Exactly repeat all the records below, omitting the images they hold.

(Exercise data Opens)

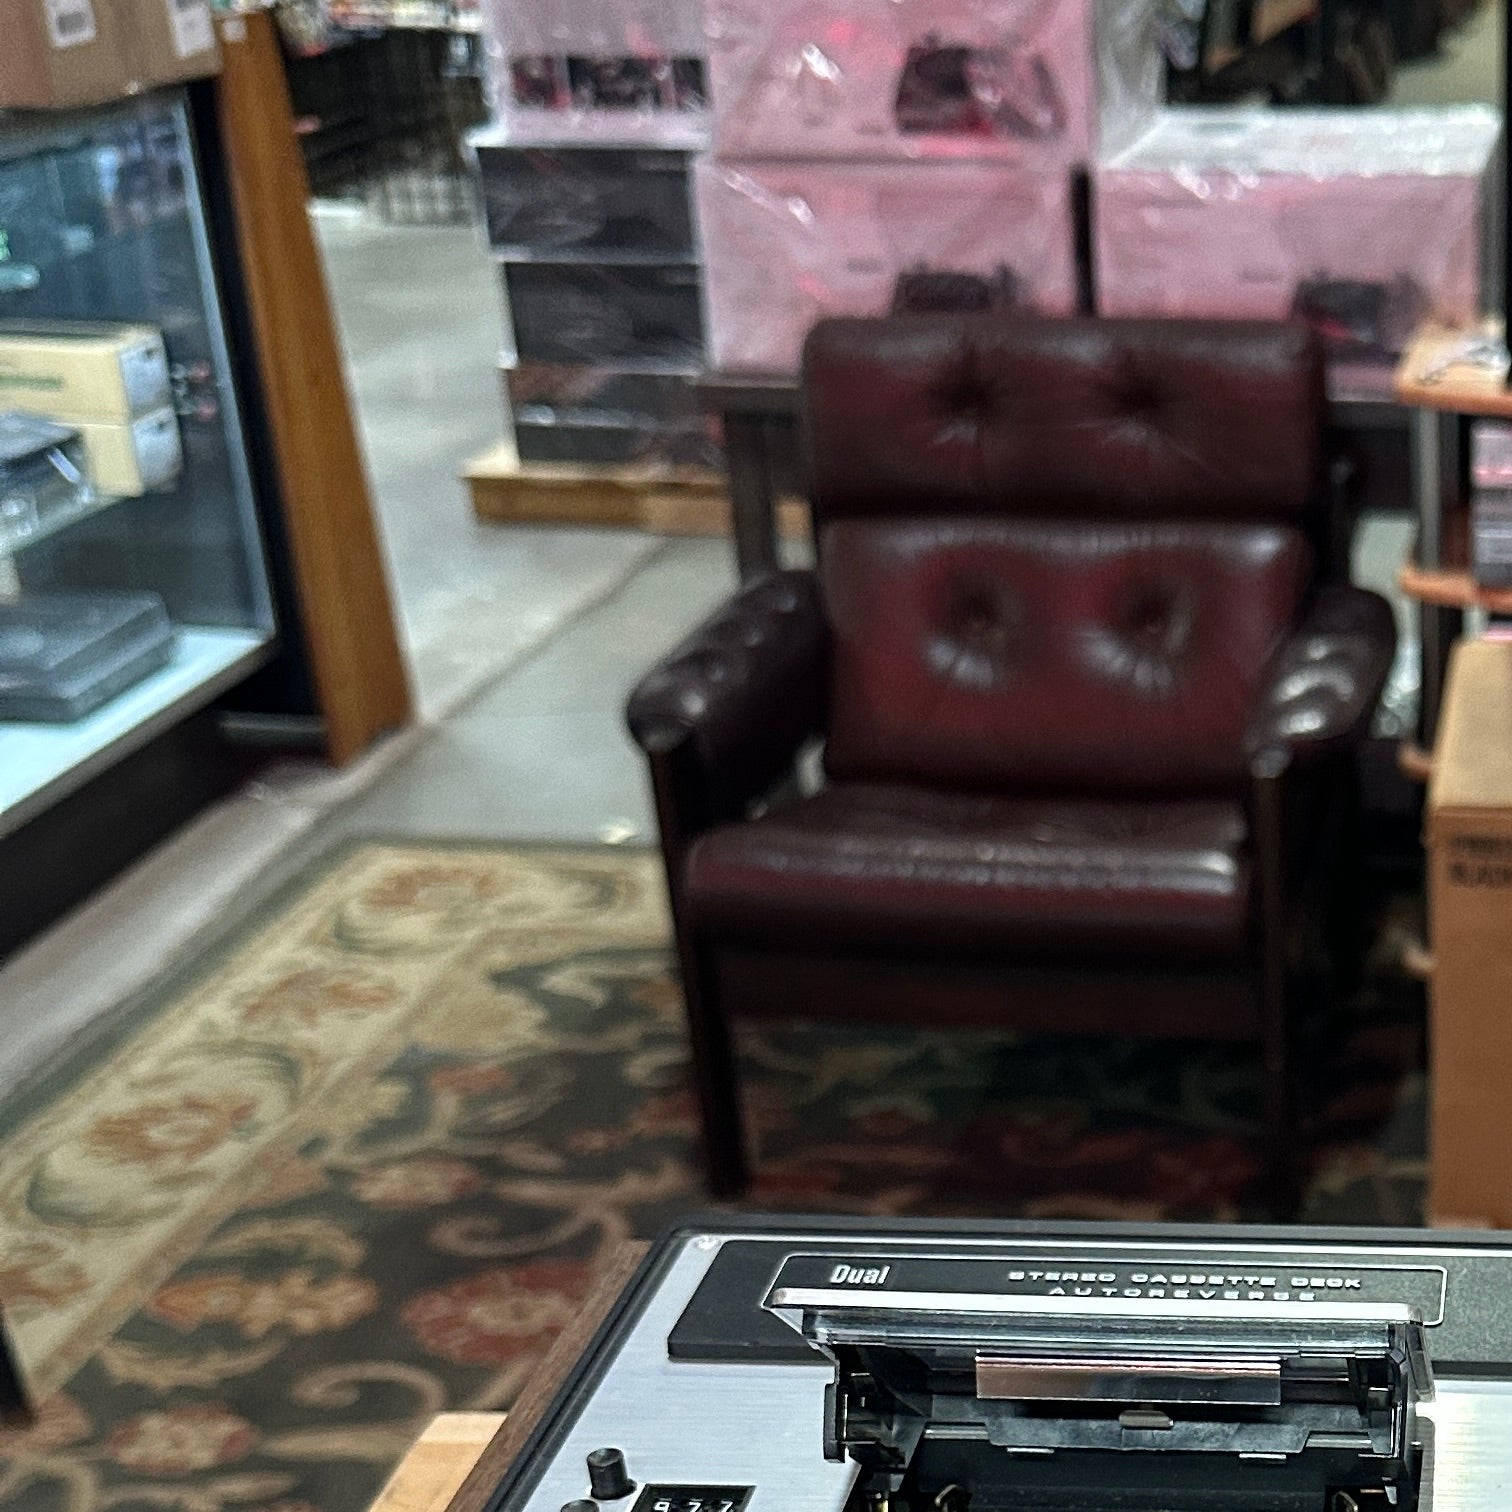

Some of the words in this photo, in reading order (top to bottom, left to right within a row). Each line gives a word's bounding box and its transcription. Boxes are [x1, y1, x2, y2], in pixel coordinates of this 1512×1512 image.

[830, 1264, 891, 1285] Dual
[1008, 1270, 1116, 1283] STEREO
[1131, 1273, 1276, 1287] CASSETTE
[1291, 1277, 1361, 1289] DECK
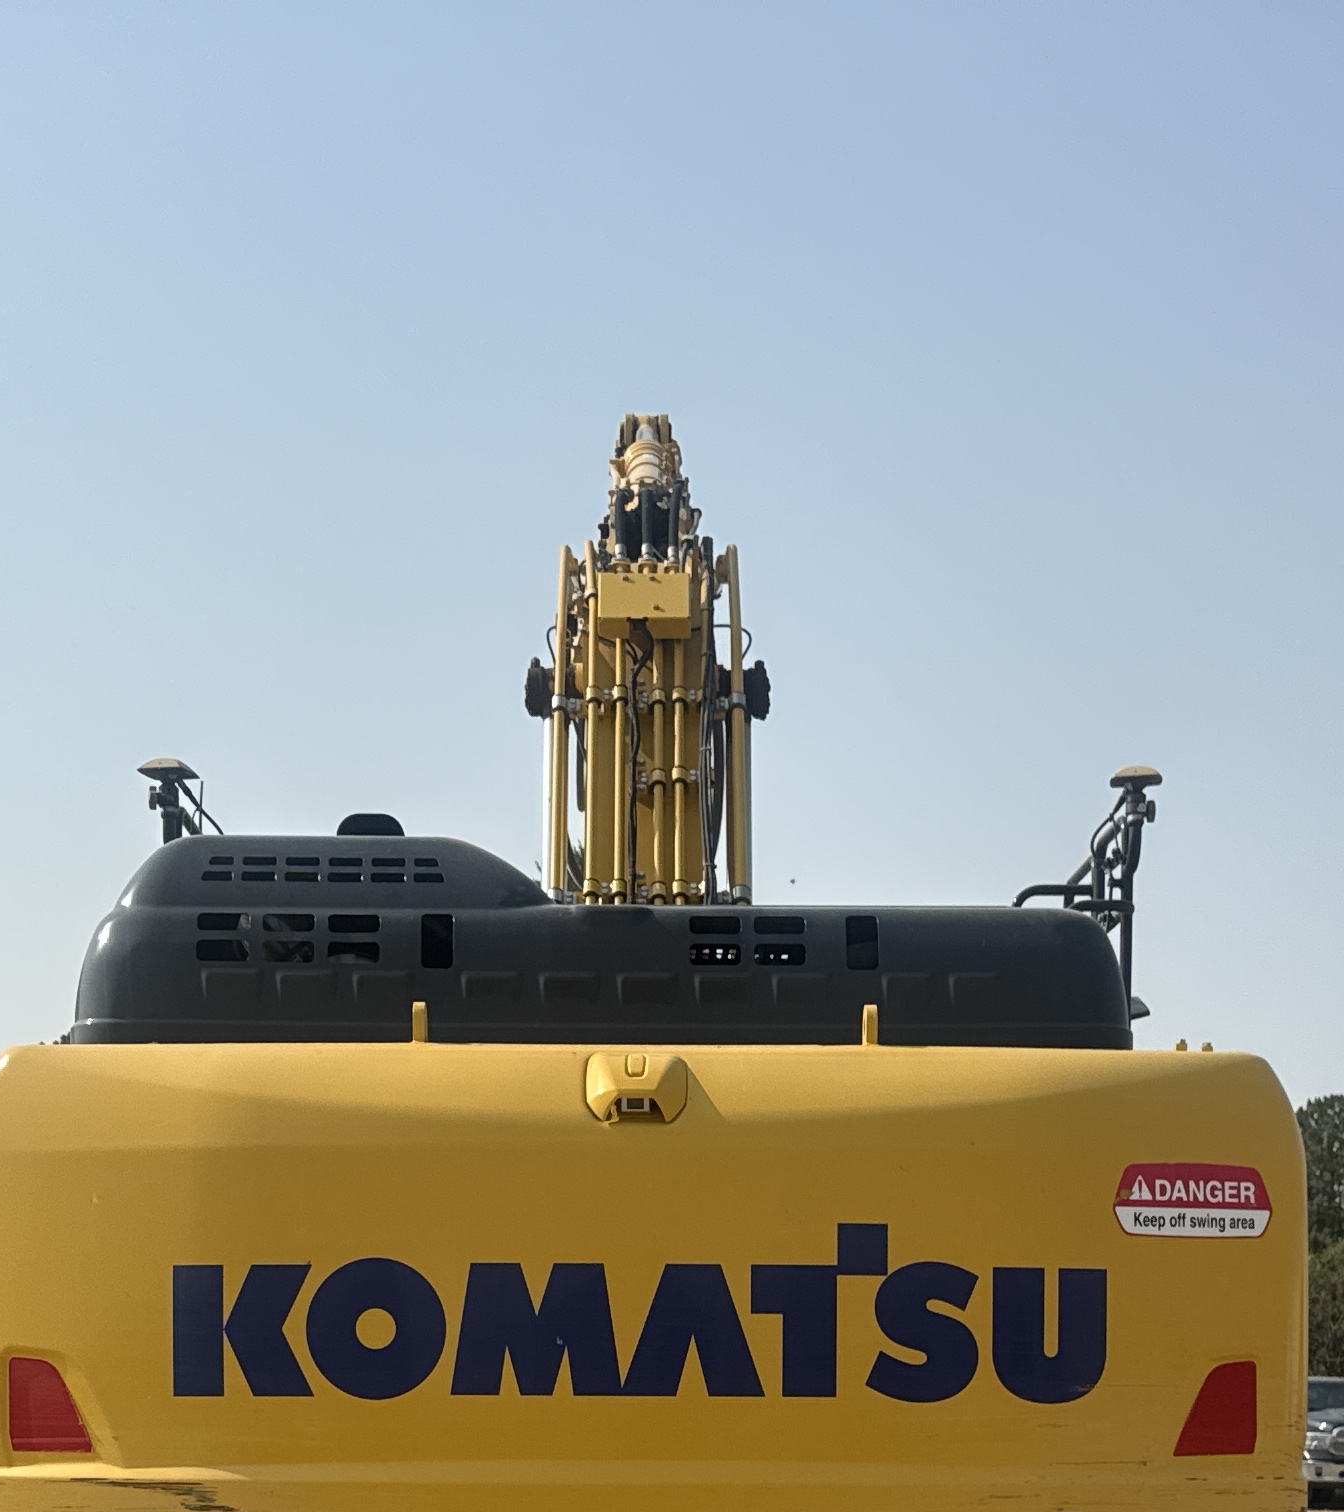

(Exercise data Closes)

Solution:
Some of the words in this photo, in reading order (top to bottom, left to right within a row). Each line gives a word's bounding box and its transcription. Boxes are [x1, y1, x2, y2], in pixel coordinates of this 1512×1512 image.

[830, 1264, 891, 1285] Dual
[1008, 1270, 1116, 1283] STEREO
[1131, 1273, 1276, 1287] CASSETTE
[1291, 1277, 1361, 1289] DECK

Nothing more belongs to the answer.